Paine was born in Maine during February 1839. His childhood training, received through a German-born musician named Herman Kotschmar, was thorough; by the time Paine departed for Europe in 1858 he was a skilled pianist, organist and composer. Studies at the Berlin Hochschule für Musik (mainly with organist Karl-August Haupt) made a lasting impression on the composer, whose work would bear the mark of healthy German Romanticism until the end of his days. Paine returned to the United States in 1861, made a new home in Boston, and by 1863 had won, largely on the merit of his many appearances as an organist and his countless public lectures on musical form and history, a position on the faculty of Harvard University.

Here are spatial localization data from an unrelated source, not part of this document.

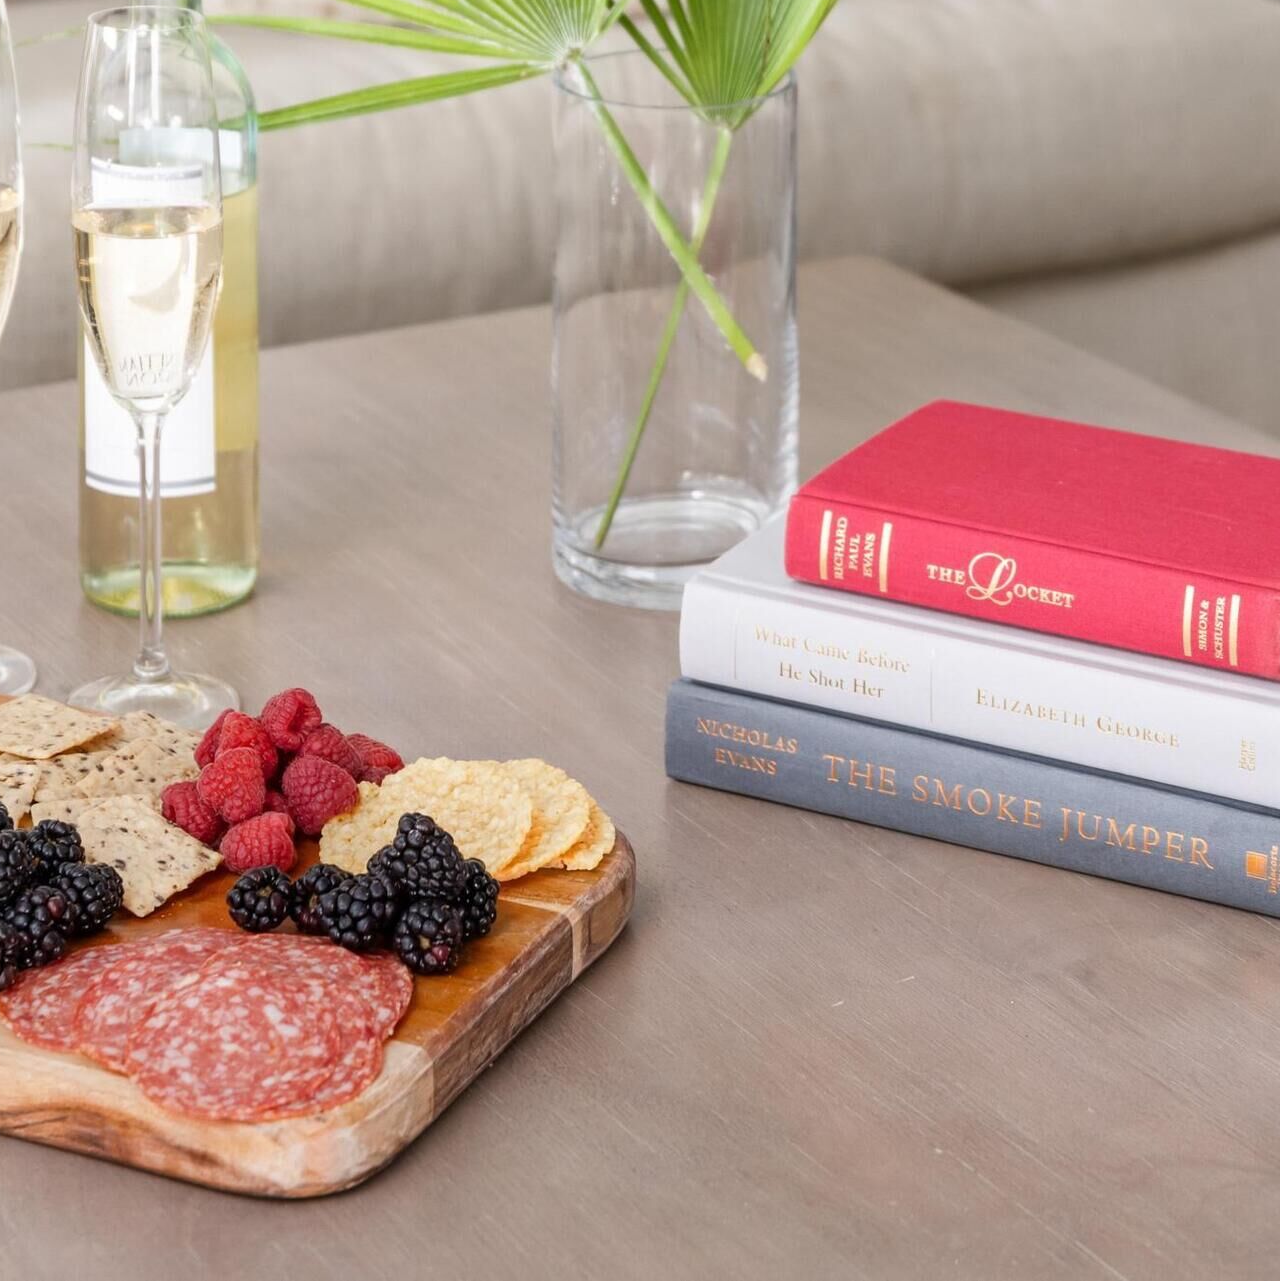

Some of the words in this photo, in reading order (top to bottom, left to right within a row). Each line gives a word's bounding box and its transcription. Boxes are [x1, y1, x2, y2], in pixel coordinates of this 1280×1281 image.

[833, 517, 848, 580] RICHARD
[847, 533, 861, 571] PAUL
[863, 532, 876, 578] EVANS
[926, 564, 966, 586] THE
[1200, 600, 1210, 610] &
[754, 623, 797, 649] What
[804, 638, 850, 662] Came
[857, 647, 910, 673] Before
[1198, 608, 1208, 651] SIMON
[1214, 596, 1226, 659] SCHUSTER
[779, 662, 802, 681] He
[808, 669, 845, 690] Shot
[853, 677, 885, 699] Her
[696, 717, 798, 755] NICHOLAS
[976, 688, 1086, 728] ELIZABETH
[1096, 714, 1180, 748] GEORGE
[715, 748, 777, 776] EVANS
[822, 753, 898, 796] THE
[911, 774, 1042, 830] SMOKE
[1057, 806, 1215, 870] JUMPER

Paine's accomplishments as an administrator and teacher are important indeed. In addition to his work at Harvard -- where he almost single-handedly organized a department of music which would prove to be the model of every later American University -- Paine also played an important role during the formation of the Boston Symphony Orchestra. His many notable students include composer Arthur Foote and musicologist/critic Olin Downes.

Paine's virtues as a composer are less unimpeachable, particularly in the later years when poor health robbed him of some of his creative faculty. At his best, as in the Mass in D from 1866-1867, and, to a somewhat lesser degree, in the First Symphony of 1875, Paine's language is clear and natural, owing much to the German classics he studied with Kotschmar and at the Hochschule in Berlin. Paine, however, did not move with great ease or fluidity into the more chromatic style of composition that emerged during the later years of the century, and when he began to stretch his tonal and expressive language -- in an effort to remain more "current" -- his music suffered noticeably (as in the programmatic Second Symphony of 1880). Within a few years of Paine's death his music had all but disappeared from the concert hall, though the general resurgence of interest in early American composers during the later years of the twentieth century provided Paine with a welcome (albeit temporary) respite from his place in musical limbo.

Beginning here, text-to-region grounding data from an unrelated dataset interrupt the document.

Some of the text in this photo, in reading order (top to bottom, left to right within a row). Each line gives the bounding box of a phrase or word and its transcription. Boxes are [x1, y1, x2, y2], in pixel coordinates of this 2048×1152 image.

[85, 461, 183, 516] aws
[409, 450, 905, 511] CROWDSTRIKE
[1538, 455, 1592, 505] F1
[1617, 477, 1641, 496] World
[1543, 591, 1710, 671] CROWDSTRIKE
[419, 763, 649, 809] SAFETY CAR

[Article taken from All Music Guide]

Paine was one of the first composers to gain any popularity in the States. I have not heard a note of his music as there very little recordings available of his music. Zubin Mehta and the NY Philharmonic have performed some of Paine's music on the New World Records label, but they're pretty pricey.

Anyway, if any of you have heard his music I would be interesting in hearing your comments.


----------



## KenOC

Paine was certainly popular in his day! From an e-mail I just received:
-------------------------------------
In 1883, George Henschel, then the conductor of the Boston Symphony, was sent the following poetic suggestion about his programming:

"Let no more Wagner themes thy bill enhance
And give the native workers just one chance. 
Don’t give that Dvorák symphony a-gain; 
If you would give us joy, oh give us Paine!"


----------



## vesteel

I listened to his 2 symphonies a long time ago. Enjoyed it very much


----------